[EXERCISE]
An unchanged copy of each entry below is needed; keep the pictures out of it.

Referring expression grounding data
··········
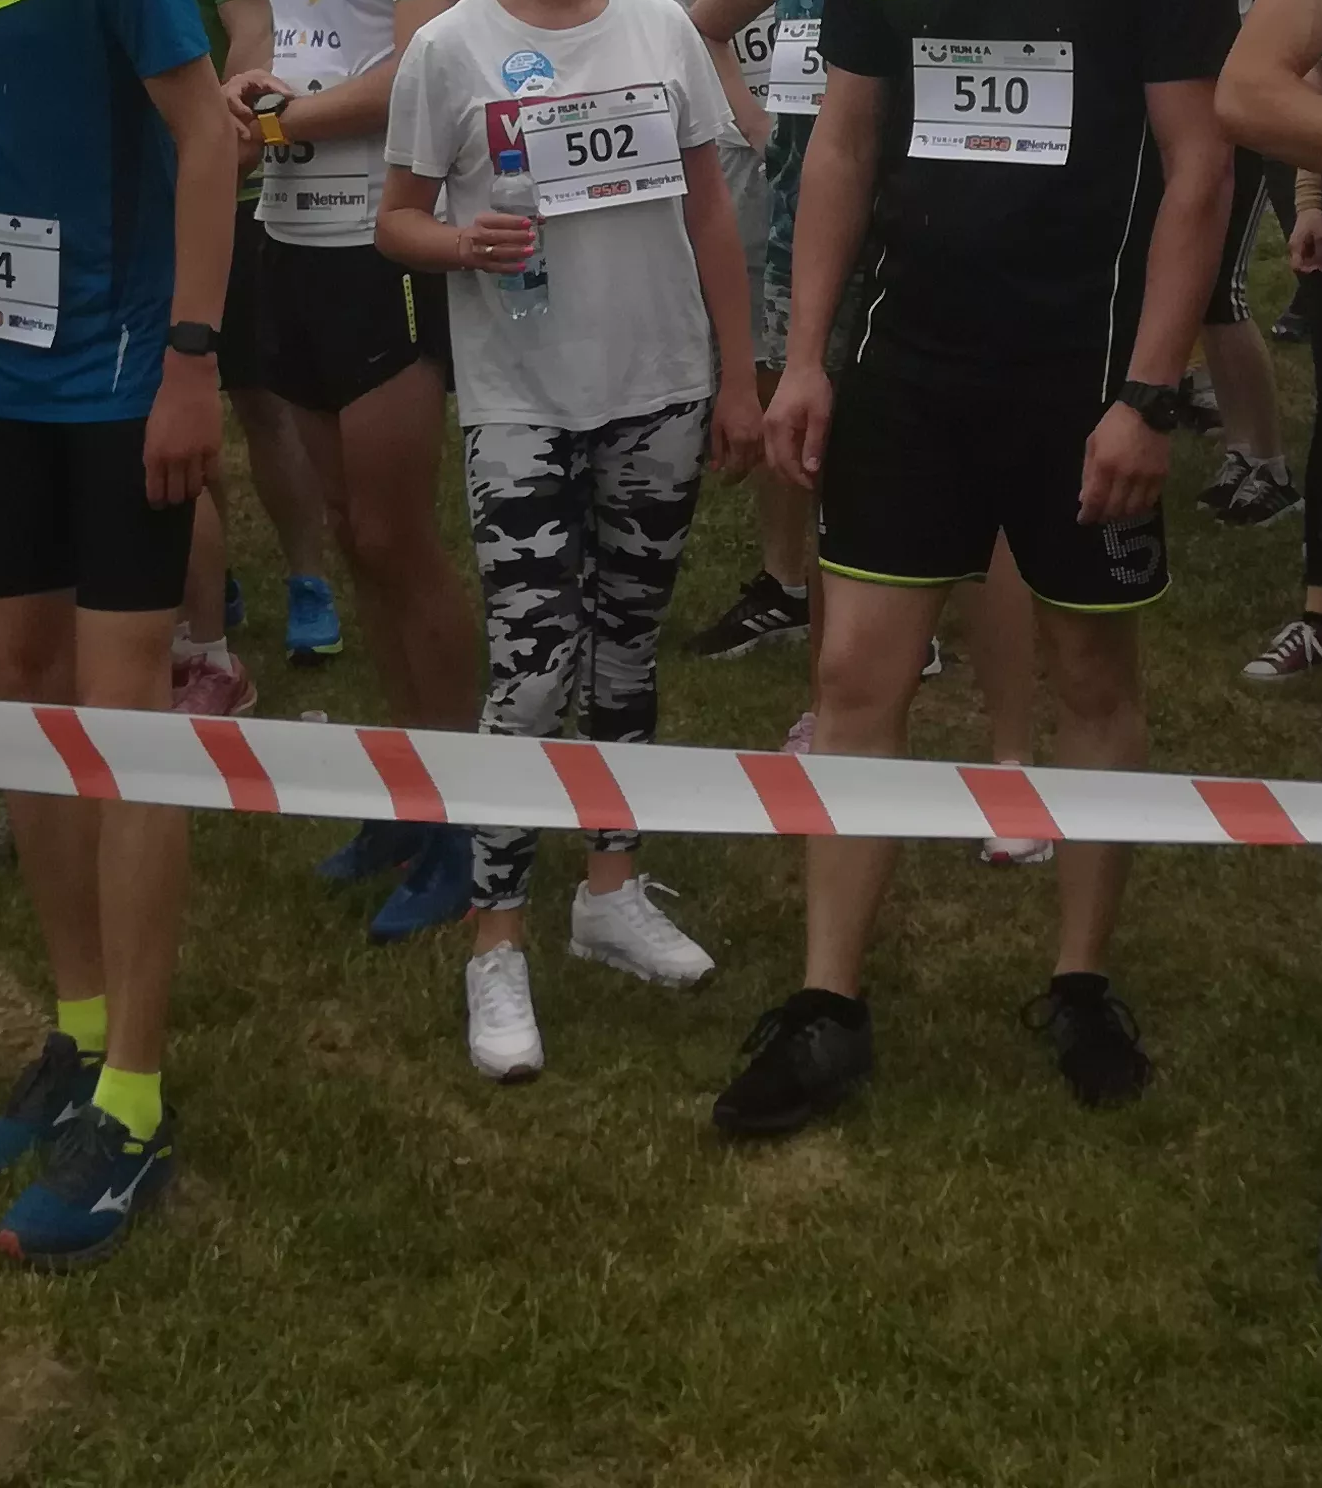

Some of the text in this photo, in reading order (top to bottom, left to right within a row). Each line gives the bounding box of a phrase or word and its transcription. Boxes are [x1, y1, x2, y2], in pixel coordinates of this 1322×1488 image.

[953, 75, 1030, 115] 510
[565, 124, 638, 167] 502
[1027, 139, 1067, 151] Netrium
[647, 173, 683, 186] Netrium
[310, 191, 366, 206] Netrium
··········
[THE COMPLETED TASK]
Some of the text in this photo, in reading order (top to bottom, left to right within a row). Each line gives the bounding box of a phrase or word and its transcription. Boxes are [x1, y1, x2, y2], in pixel coordinates of this 1322×1488 image.

[953, 75, 1030, 115] 510
[565, 124, 638, 167] 502
[1027, 139, 1067, 151] Netrium
[647, 173, 683, 186] Netrium
[310, 191, 366, 206] Netrium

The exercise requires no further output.